A nossa família é de pescadores de primeira geração, mas os nossos jovens filhos marinheiros, de 11 e 14 anos, ainda não conheceram um verão sem trabalhar as marés. No nosso barco, na hora de puxar as redes, às vezes peço que acionem a alavanca do sistema hidráulico, mas todos nós estamos na piada: não há energia hidráulica neste esquife. Todos sabemos que o trabalho pesado depende de nós.

Então, quando puxamos a rede com força, uma carga pesada de sockeyes selvagens cai facilmente. Este barco de pesca pode ter sido construído para suportar uma grande carga, mas não consegue conter a alegria desses marinheiros.

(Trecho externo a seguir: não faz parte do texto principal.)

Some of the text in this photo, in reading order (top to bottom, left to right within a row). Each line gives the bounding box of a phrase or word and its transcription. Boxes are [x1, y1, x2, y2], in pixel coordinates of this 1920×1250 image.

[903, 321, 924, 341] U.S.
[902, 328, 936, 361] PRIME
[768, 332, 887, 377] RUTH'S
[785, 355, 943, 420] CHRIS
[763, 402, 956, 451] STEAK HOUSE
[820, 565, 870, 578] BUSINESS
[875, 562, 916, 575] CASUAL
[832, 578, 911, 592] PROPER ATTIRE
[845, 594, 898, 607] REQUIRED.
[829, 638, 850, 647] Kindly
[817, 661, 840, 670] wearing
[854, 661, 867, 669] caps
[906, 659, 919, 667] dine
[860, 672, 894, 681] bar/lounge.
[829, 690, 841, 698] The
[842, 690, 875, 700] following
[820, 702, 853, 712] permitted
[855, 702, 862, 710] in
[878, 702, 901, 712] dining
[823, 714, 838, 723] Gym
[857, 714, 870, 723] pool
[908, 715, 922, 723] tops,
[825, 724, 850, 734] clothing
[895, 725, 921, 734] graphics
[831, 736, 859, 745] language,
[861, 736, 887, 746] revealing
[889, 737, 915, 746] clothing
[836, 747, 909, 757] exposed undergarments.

Pelo que posso dizer, eles estão simplesmente emocionados por estarem vivos. Os meninos jogam peixes no gelo e os contam em gritos selvagens. Suas vozes são engolidas pelo grande silêncio de Tuxedni e, por enquanto, não há nada que abafe o som.

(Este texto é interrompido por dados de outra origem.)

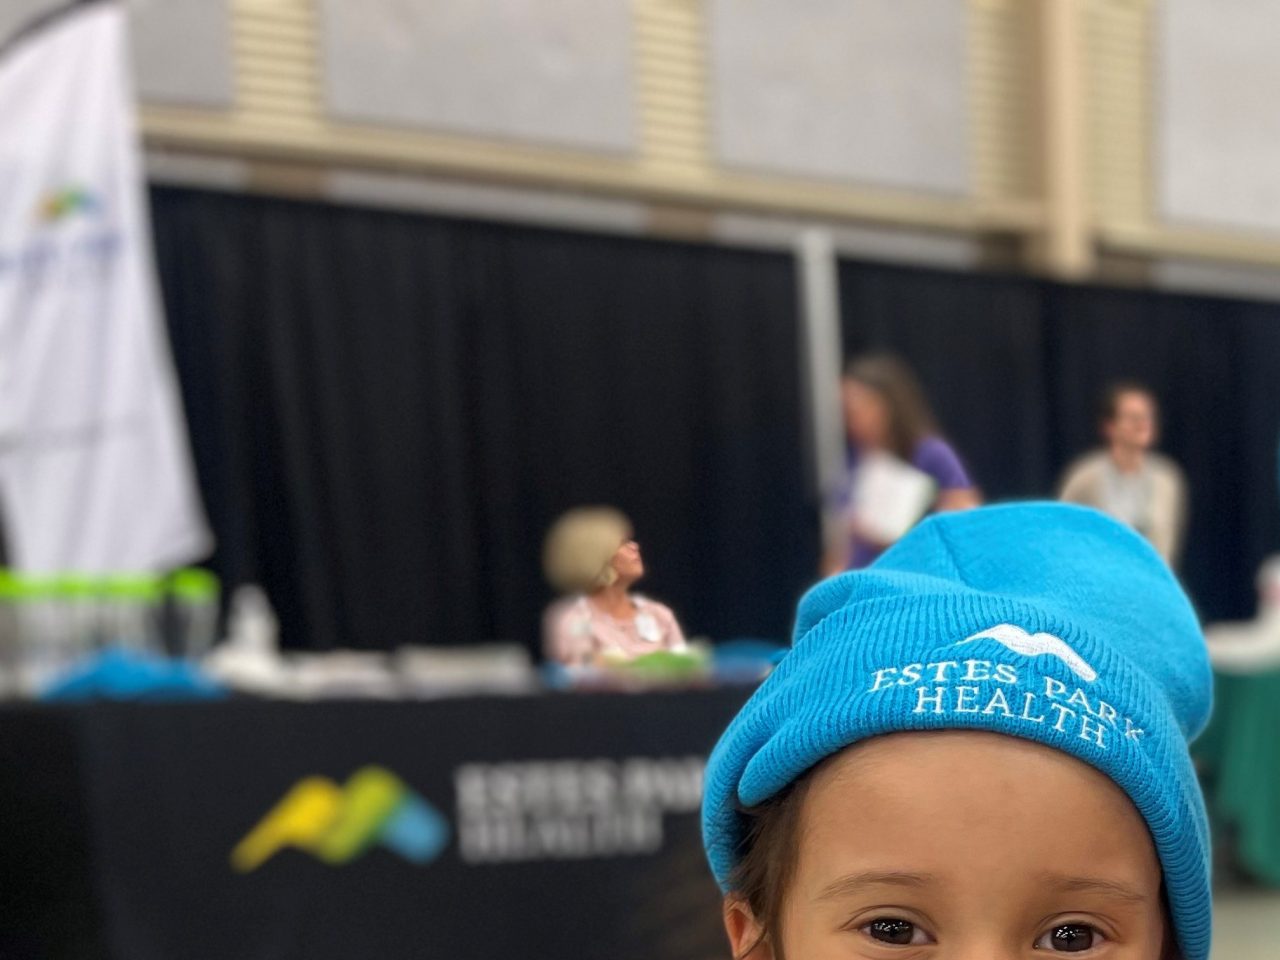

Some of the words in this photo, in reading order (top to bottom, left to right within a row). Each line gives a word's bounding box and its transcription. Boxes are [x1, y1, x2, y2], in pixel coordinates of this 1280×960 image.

[866, 659, 1017, 693] ESTES
[1044, 676, 1145, 742] PARK
[912, 686, 1107, 749] HEALTH

O autor Dustin Solberg e seu filho colhem salmão selvagem todo verão na Baía de Tuxedni, no Alasca. Eles fazem parte de uma comunidade de famílias de pescadores comerciais que trabalham em pequenos barcos em uma pescaria certificada como sustentável pela organização sem fins lucrativos Marine Stewardship Council. | Foto de Hamish Laird

Santiago Ferreira é o diretor do portal Naturlink e um ardente defensor do ambiente e da conservação da natureza. Com formação académica na área das Ciências Ambientais, Santiago tem dedicado a maior parte da sua carreira profissional à pesquisa e educação ambiental. O seu profundo conhecimento e paixão pelo ambiente levaram-no a assumir a liderança do Naturlink, onde tem sido fundamental na direção da equipa de especialistas, na seleção do conteúdo apresentado e na construção de pontes entre a comunidade online e o mundo natural.